Monday, 8 December 2014

Raffaele Imperiale - Fried Sweet Peppers With Balsamic Vinegar

Raffaele Imperiale - Fried Sweet Peppers With Balsamic Vinegar


Raffaele Imperiale


I usually have some cooking sweet sweet peppers in my fridge all time that I use as an addition to my antipasti plate, in snacks, or to throw into my rice recipes. I lately decided to try something a little different, and simply fried spice up pieces, then added some garlic cloves and balsamic therapy and they turned out delightful. I’ve sampled sweet peppers prepared this way every now and then but for some reason I just never made them myself at home until lately. The balsamic therapy really contributes a nice detail of taste and a little extra sweet taste that turns simple sweet peppers into something special. These sweet peppers would be great on an antipasti plate, or provided with prepared or cooking foods and sausages. I also think these sweet peppers would be amazing provided along with prepared sausages on a bun.

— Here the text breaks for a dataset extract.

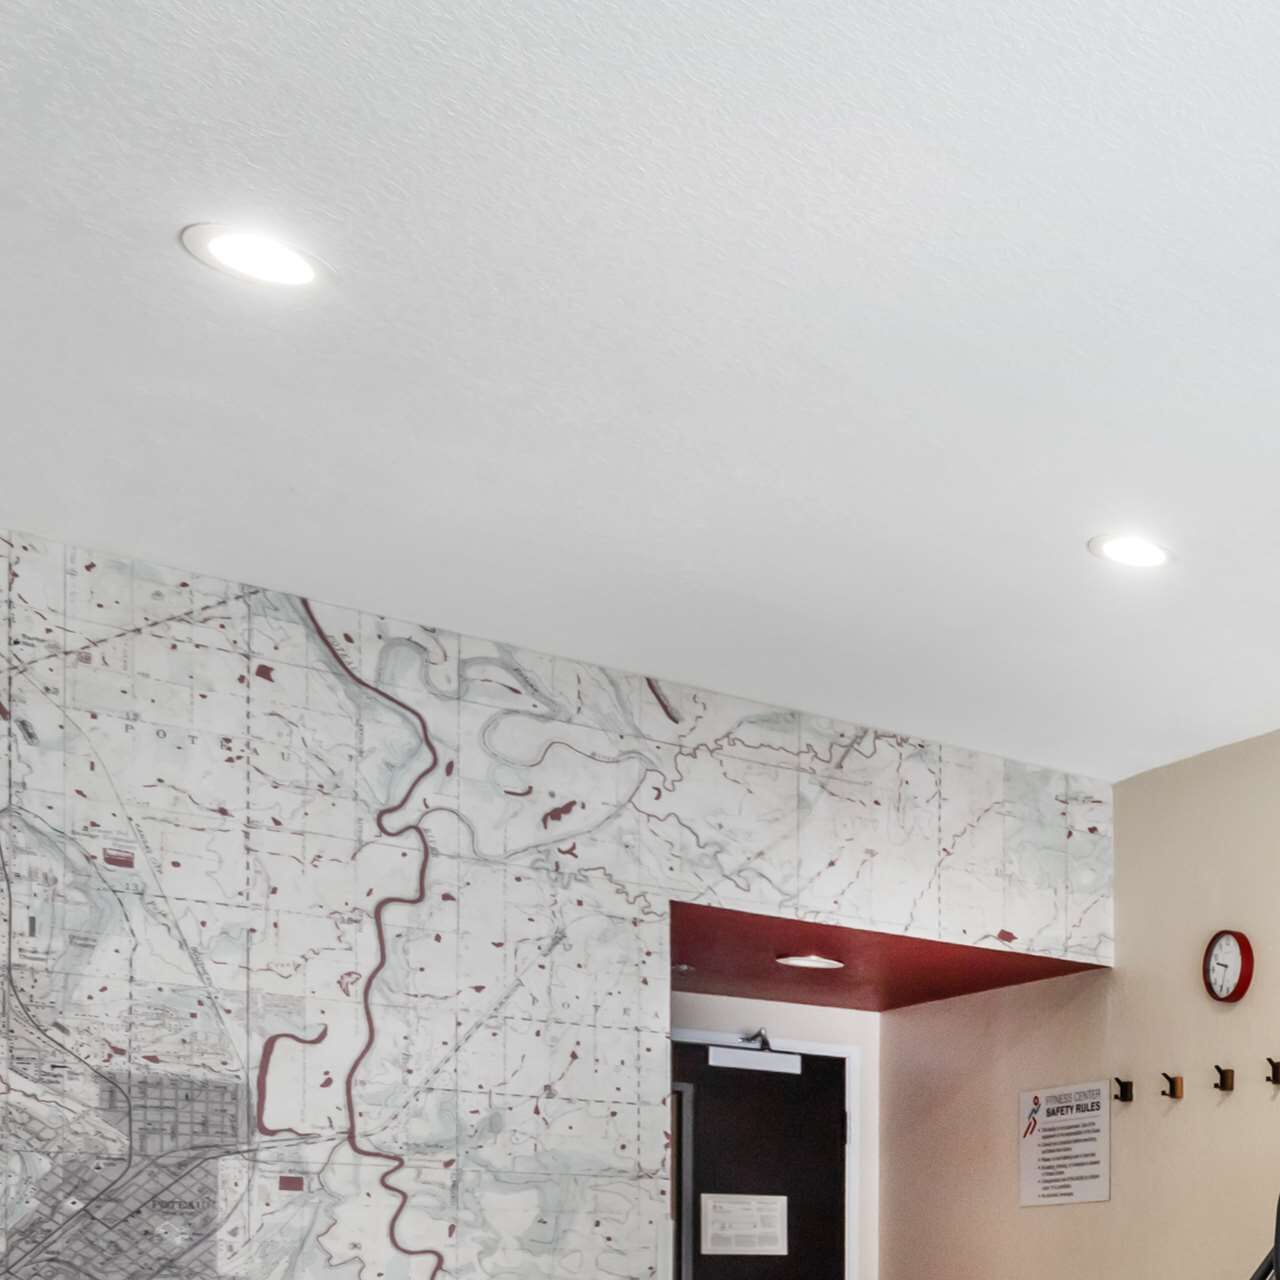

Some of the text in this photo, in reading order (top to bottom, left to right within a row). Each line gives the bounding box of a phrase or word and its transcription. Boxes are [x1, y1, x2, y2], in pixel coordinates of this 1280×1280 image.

[1046, 1088, 1101, 1106] FITNESS CENTER
[1046, 1101, 1101, 1118] SAFETY RULES

Deep-fried Lovely Sweet peppers With Balsamic Vinegar
Yield: Provides 6Prep Time: 10 minsCook Time: 15 mins
This easy side plate is delightful provided along with cooking foods or sausages.


Ingredients:

6 Huge Lovely Sweet peppers (I Used 2 Yellow-colored, 4 Red)
1/3 Cup Extra Virgin mobile Olive OIl
2 Garlic cloves Cloves, Peeled & Minced
1/3 Cup Balsamic Vinegar
Salt & Pepper
1/3 Cup Clean Sliced Parsley

Directions:

Wash and dry the peppers, then eliminate the plant seeds, arises, and walls.
Cut the peppers into 1 inches pieces.
Heat the oil in a huge large bottomed container and add the peppers, mixing well to cover in the oil.
Cook the peppers over method warm until they begin to make softer and brownish, mixing often, about 10 moments.
Add the garlic and prepare another moment or two until fresh.
Add the balsamic therapy, season with spice up and sodium and mix well.
Cook another 3 to 4 moments until the peppers have consumed all of the therapy.
Toss with the latest chopped parsley and place on a plate to provide.